L’Unione Sovietica di Gorbachev non aveva altra scelta che non fosse quella di venire incontro alle “correnti” citate dal Segretario Generale a Berlino nel 1989. Una repressione, sul modello di quella cinese avvenuta proprio lo stesso anno a piazza Tienanmen, non era minimamente ipotizzabile sebbene alcuni elementi ultraconservatori la caldeggiassero. La Cina è lontana, l’Europa e vicina, e reprimere il dissenso diffuso a macchia d’olio e le riforme avvenute in meno di in decennio in Ungheria, Cecoslovacchia e Polonia sarebbe stato controproducente oltre che impossibile proprio per la loro contemporaneità. Il caso della Romania, poi, è ancora più sintomatico: retta da Ceausescu con metodi stalinisti, non aveva conosciuto quel periodo di riforme degli altri Paesi dell’est europeo e la popolazione aveva scatenato una vera e propria rivoluzione nell’inverno tra 1989 e 1990 terminata violentemente con la morte del dittatore e della consorte.

La caduta dell’Urss e Gorbachev

L’Unione Sovietica, intesa come entità politica/economica non c’era già più in quel tempo, qualcuno dirà, ma in realtà la sua caduta, avvenuta nel 1991, non fu determinata dalla politica riformista di Gorbachev, visto da alcuni come un traditore proprio per questo, ma da un evento ben preciso frutto della reazione dell’ala intransigente del partito comunista: il tentato golpe dell’agosto del 1991 che ebbe l’effetto di eliminare dalla scena politica il premier e consegnare quello che restava dell’Urss a Boris Eltsin, che smantellò gli ultimi apparati del sistema sovietico.

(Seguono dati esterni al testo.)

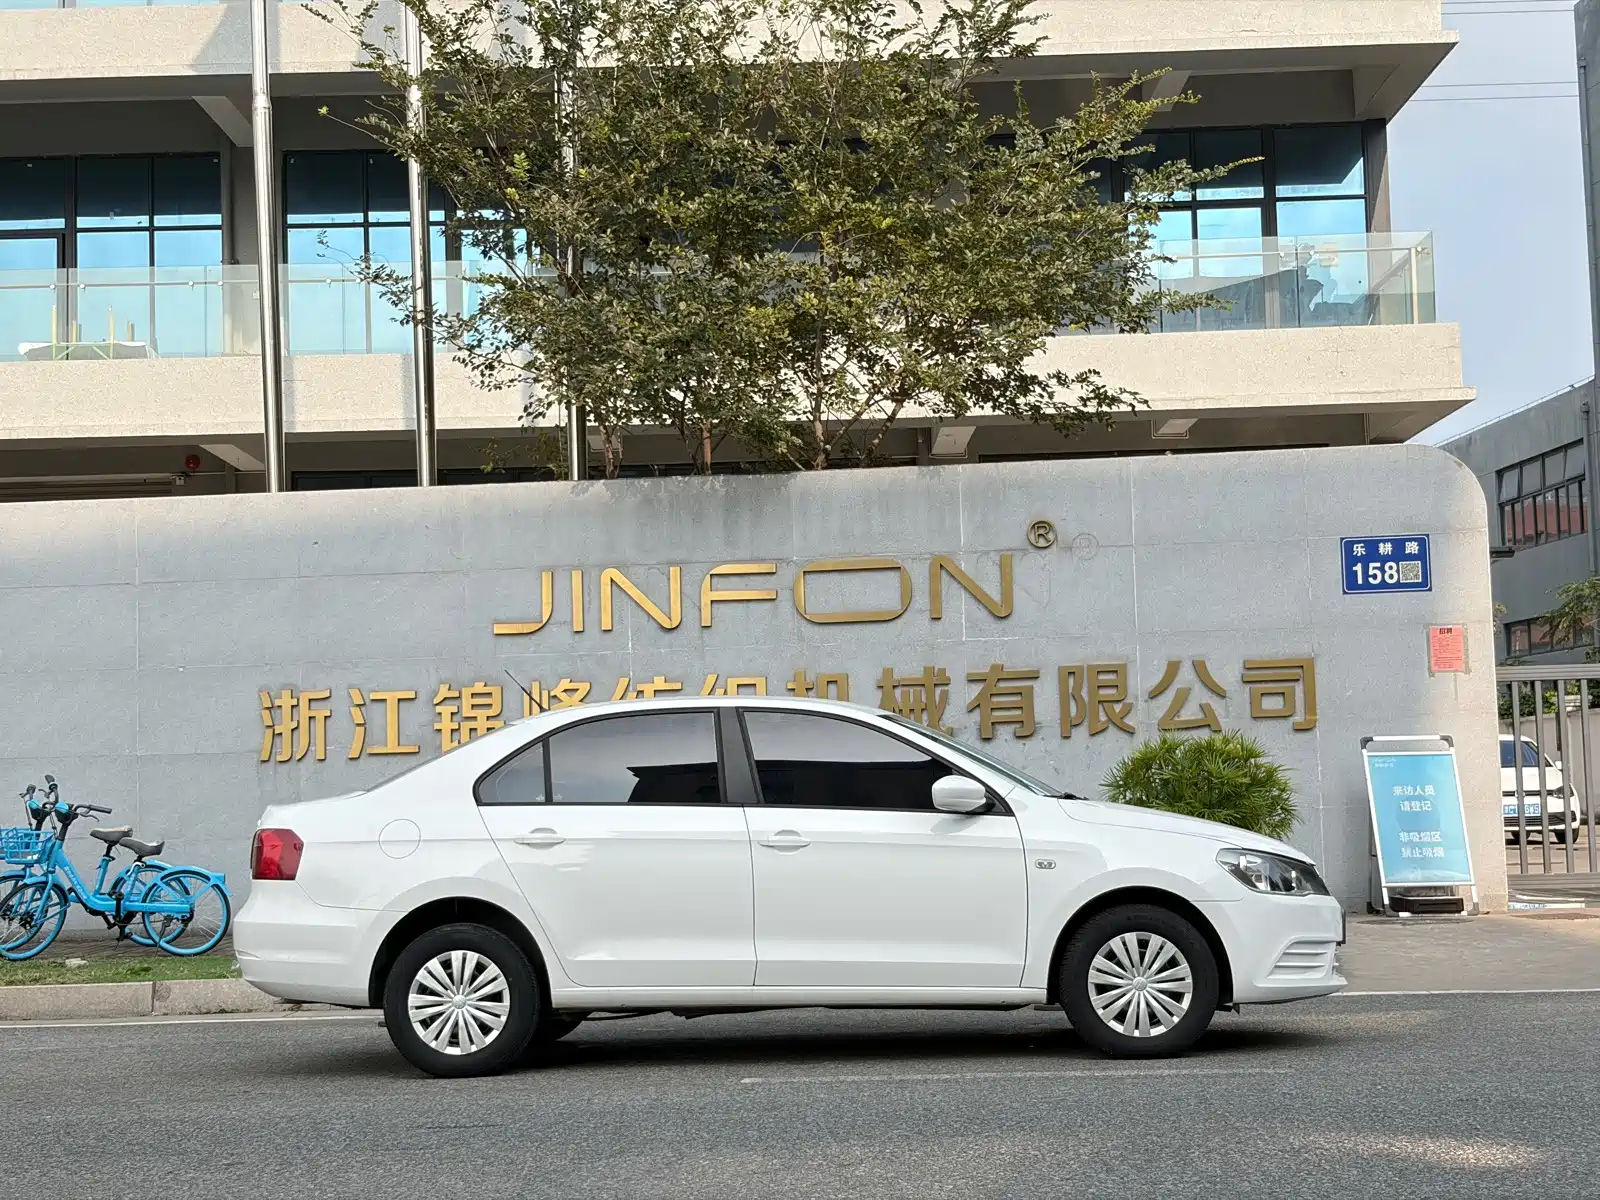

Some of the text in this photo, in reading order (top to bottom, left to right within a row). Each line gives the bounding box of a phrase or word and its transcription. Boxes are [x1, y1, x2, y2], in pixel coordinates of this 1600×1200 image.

Sebbene Gorbachev si stesse apprestando a siglare il nuovo patto federativo dell’Urss che, di lì a poco, avrebbe mutato la propria denominazione ufficiale da Unione delle Repubbliche Socialiste Sovietiche in quella, presumibilmente, di Unione degli Stati Sovrani, per cercare di mantenere unite quelle repubbliche più prossime a Mosca a fronte della fine del Comecon e del Patto di Varsavia – che rese indipendenti i Paesi dell’Europa Orientale – nei suoi piani non c’era affatto la fine del sistema comunista, ma la sua trasformazione in un socialismo “aperto”, come poi fece la Cina.

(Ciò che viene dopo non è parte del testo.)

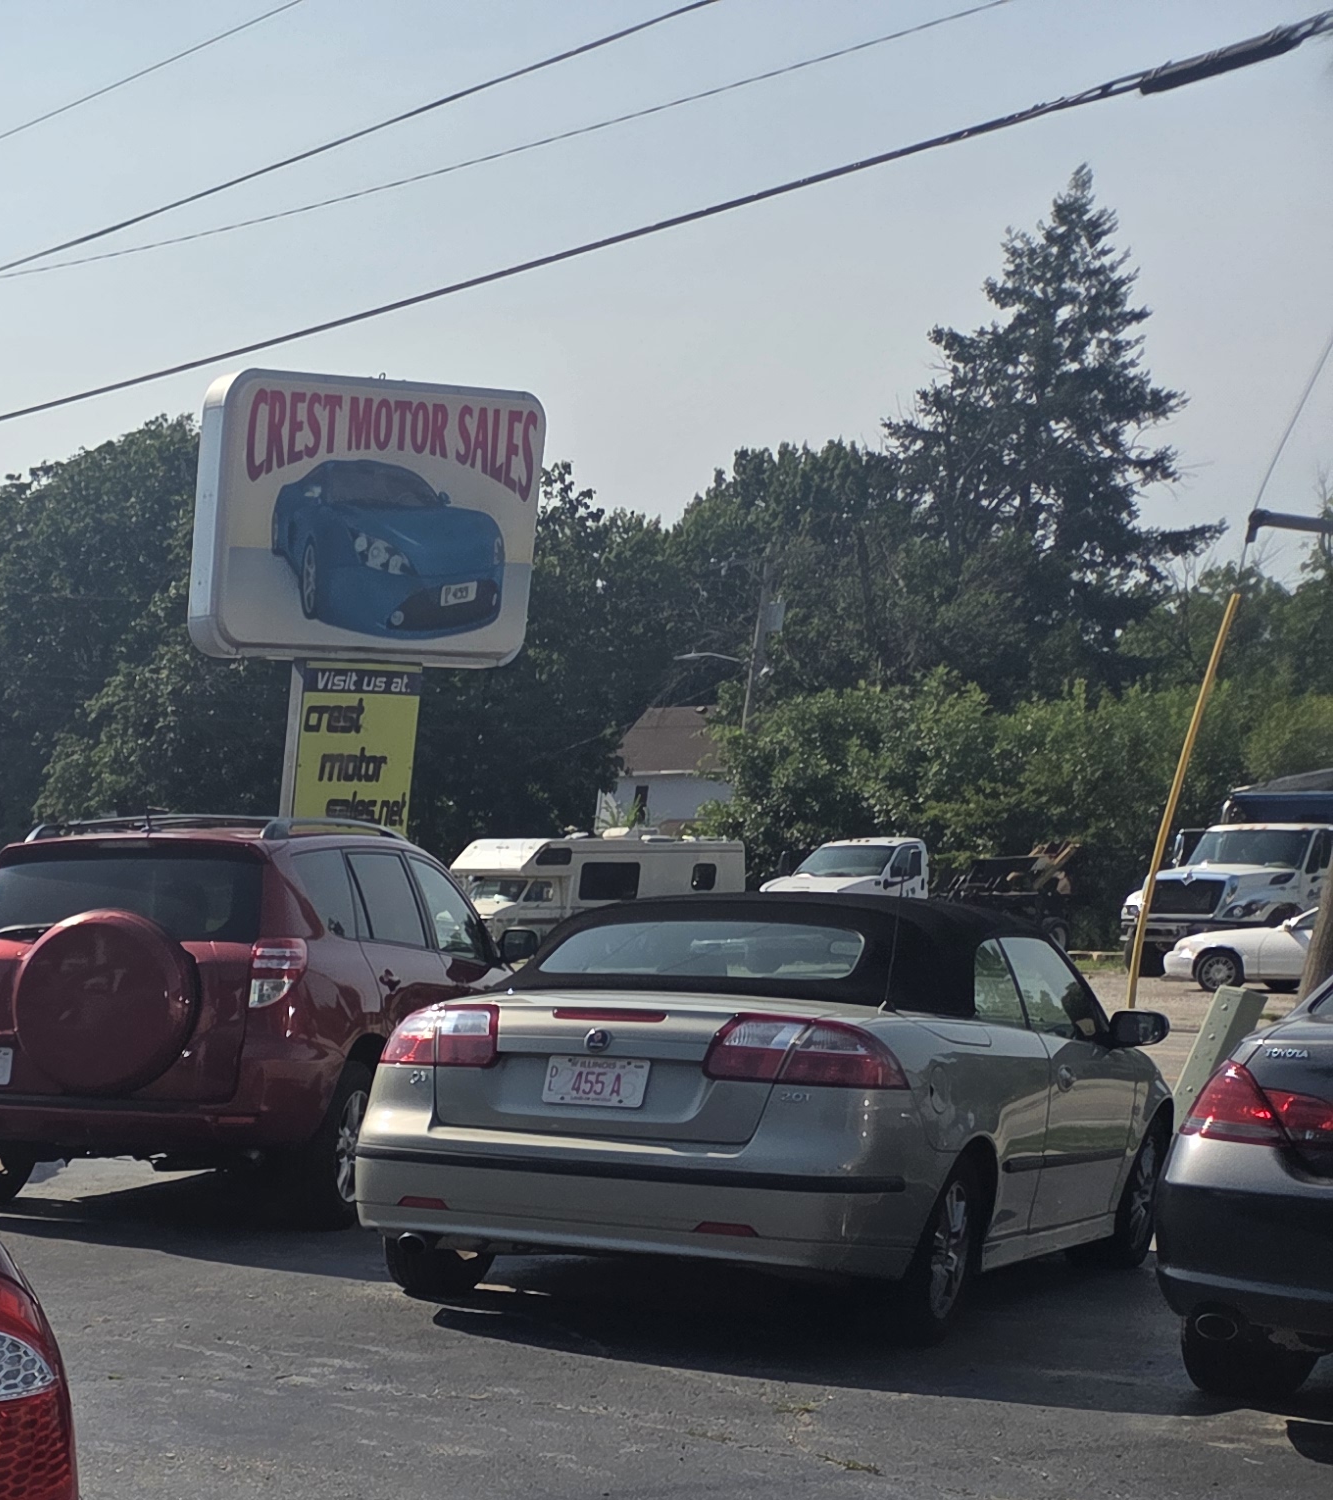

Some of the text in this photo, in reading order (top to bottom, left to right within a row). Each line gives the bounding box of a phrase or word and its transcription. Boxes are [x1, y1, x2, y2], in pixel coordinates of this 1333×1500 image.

[246, 388, 538, 503] CREST MOTOR SALES
[317, 671, 358, 690] Visit
[362, 676, 387, 691] us
[303, 697, 365, 734] crest
[318, 746, 388, 783] motor
[325, 790, 407, 827] sales.net
[1265, 1047, 1309, 1058] TOYOTA
[571, 1071, 622, 1097] 455 A

In una recente intervista alla Tass, proprio Gorbachev ammette che non si pente della perestrojka e ritiene che uno dei suoi componenti più importanti sia stato il nuovo pensiero di politica estera. “Era impossibile vivere come prima. E una parte essenziale della perestrojka era il nuovo pensiero di politica estera, che comprende sia i valori universali e il disarmo nucleare, sia la libertà di scelta” ha detto l’ex premier. Non è solo una normale giustificazione del proprio operato però, sono le parole di un uomo assolutamente convito della possibilità che possa esistere un socialismo diverso, sempre e fermamente di stampo marxista, ma privo di quegli aspetti totalitari e autoritari che caratterizzavano, e hanno sempre caratterizzato, i Paesi “comunisti”. Del resto l’esempio cinese e di altre realtà come quella vietnamita gli danno ragione.

Gorbachev così prosegue nella sua dichiarazione al media russo: “coloro che hanno organizzato il colpo di stato nell’agosto 1991, e dopo il colpo di stato hanno utilizzato la posizione indebolita del presidente dell’Urss, sono responsabili della fine della perestrojka e del crollo dell’Unione Sovietica”. Queste non sono le parole di un uomo che si sta giustificando sentendosi colpevole, ma quelle di un uomo che da sempre è stato organico al sistema comunista e che ne ha abbracciato i principi cercando di riformarlo per farlo sopravvivere a fronte dei cambiamenti epocali di quegli anni.